Called NetBASILISK (Network Border At Scale Integrating and Leveraging Individual Security Components), the collaborative effort brings together prominent U-M experts from the College of Engineering, the Life Science Institute, LSA, and Information and Technology Services to develop a secure, data-intensive network solution to effectively transport extremely high volumes of research network traffic.
In addition to Halderman, leaders of the effort include Michael Cianfrocco, research assistant professor, Life Sciences Institute, and assistant professor of biological chemistry, Medical School; Shawn McKee, research scientist in physics, LSA; and Principal Investigator Eric Boyd, director of networks, ITS.
Halderman’s team is planning to use NetBASILISK for its network security research ZMap project, and to potentially expand its anti-censorship refraction networking work.

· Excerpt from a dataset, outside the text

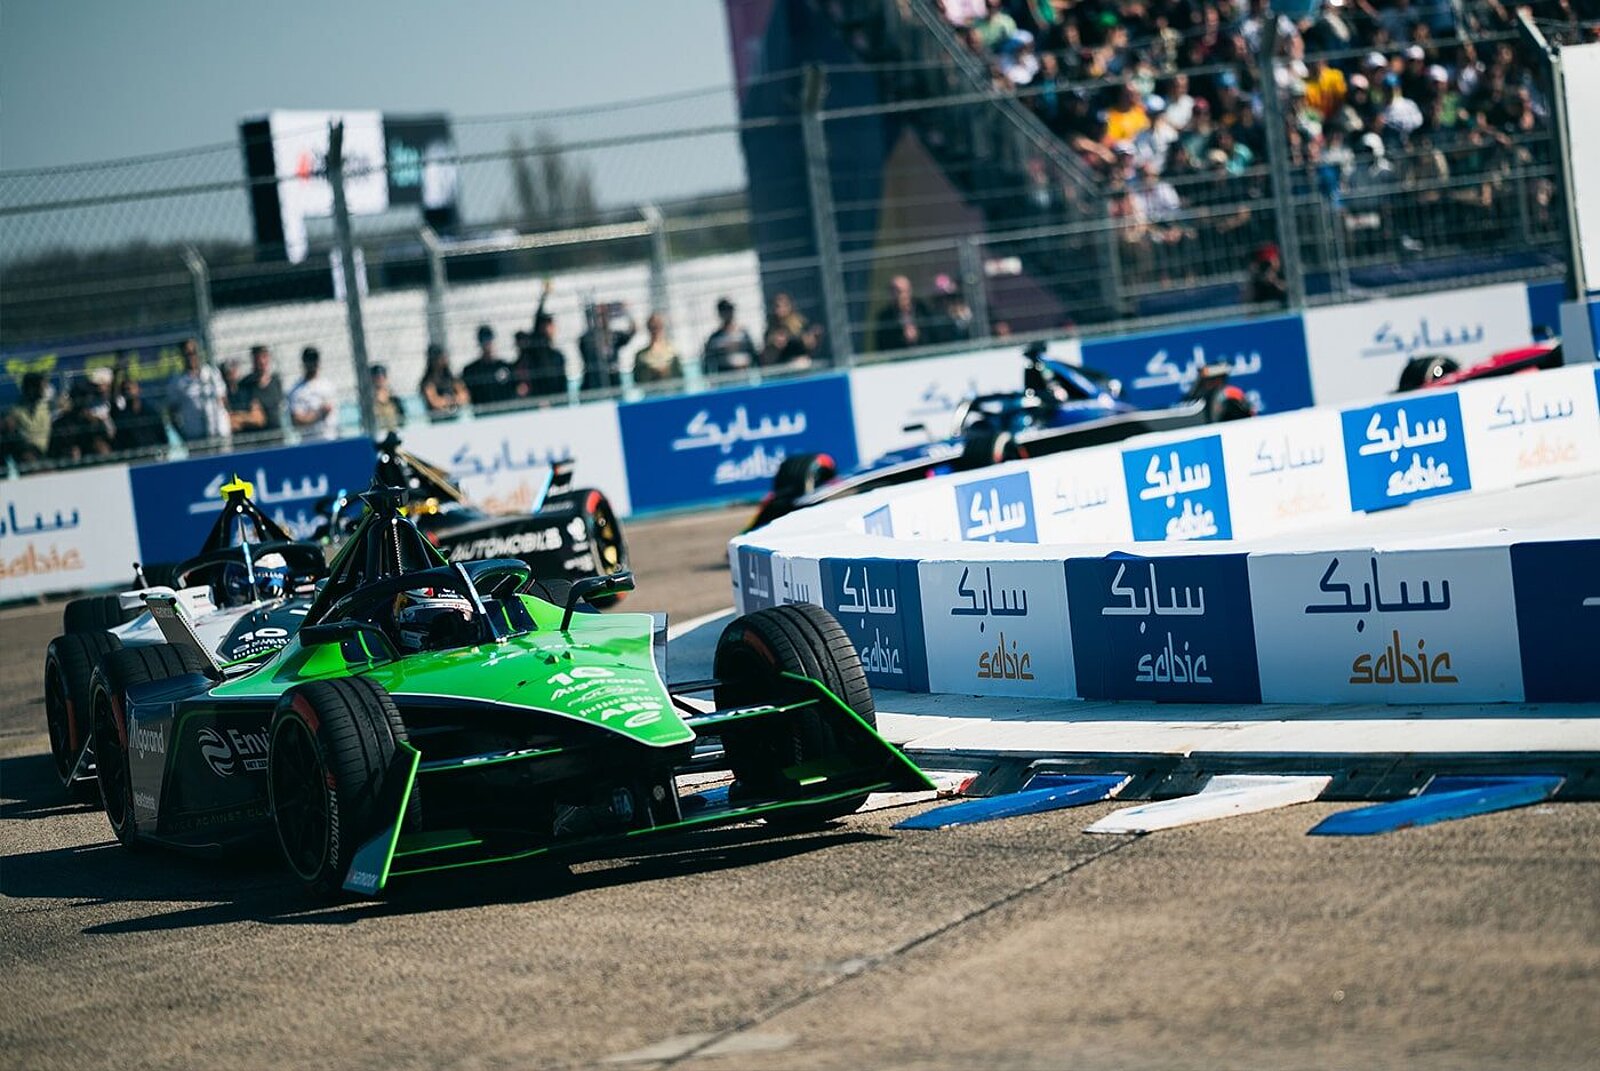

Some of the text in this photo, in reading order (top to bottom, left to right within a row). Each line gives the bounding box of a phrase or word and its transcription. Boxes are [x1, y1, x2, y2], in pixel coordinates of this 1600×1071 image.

ZMap is an open-source network scanner introduced by Halderman and collaborators in 2013. It is specifically architected to perform Internet-wide scans and is capable of surveying the entire IPv4 address space in under 45 minutes from user space on a single machine. This performance approaches the theoretical maximum speed of gigabit Ethernet. Internet-wide network scanning has numerous security applications, including exposing new vulnerabilities and tracking the adoption of defensive mechanisms
Refraction Networking is a technology pioneered by Michigan researchers that can circumvent many effective website censoring tools. Refraction operates at cooperating Internet Service Providers (ISPs) outside of censoring countries. Users access the circumvention services by connecting to a “decoy site”—any uncensored website traveling over a participating ISP. Once a cryptographic signal from the user is recognized, the ISP routes their connection to the requested censored content. Most recently, with a new protocol called Conjure, the team made the technology significantly easier for ISPs to deploy.
Other members of the team will use the infrastructure to transport high-volume microscope data around the globe and receive data from the CERN Large Hadron Collider.
Given these large datasets, moving this data within and outside of U-M requires reliable, fast networking infrastructure. The team hopes to build a security solution that can defend the university at scale while facilitating the intensive data science taking place on campus.
ITS is setting up the NetBASILISK network based on a combination of open source solutions, commercial products, and open source network metrics tools. The findings and solution will be widely shared with educational and research institutions around the world.
The project kicked off in early October 2019 and will last two years.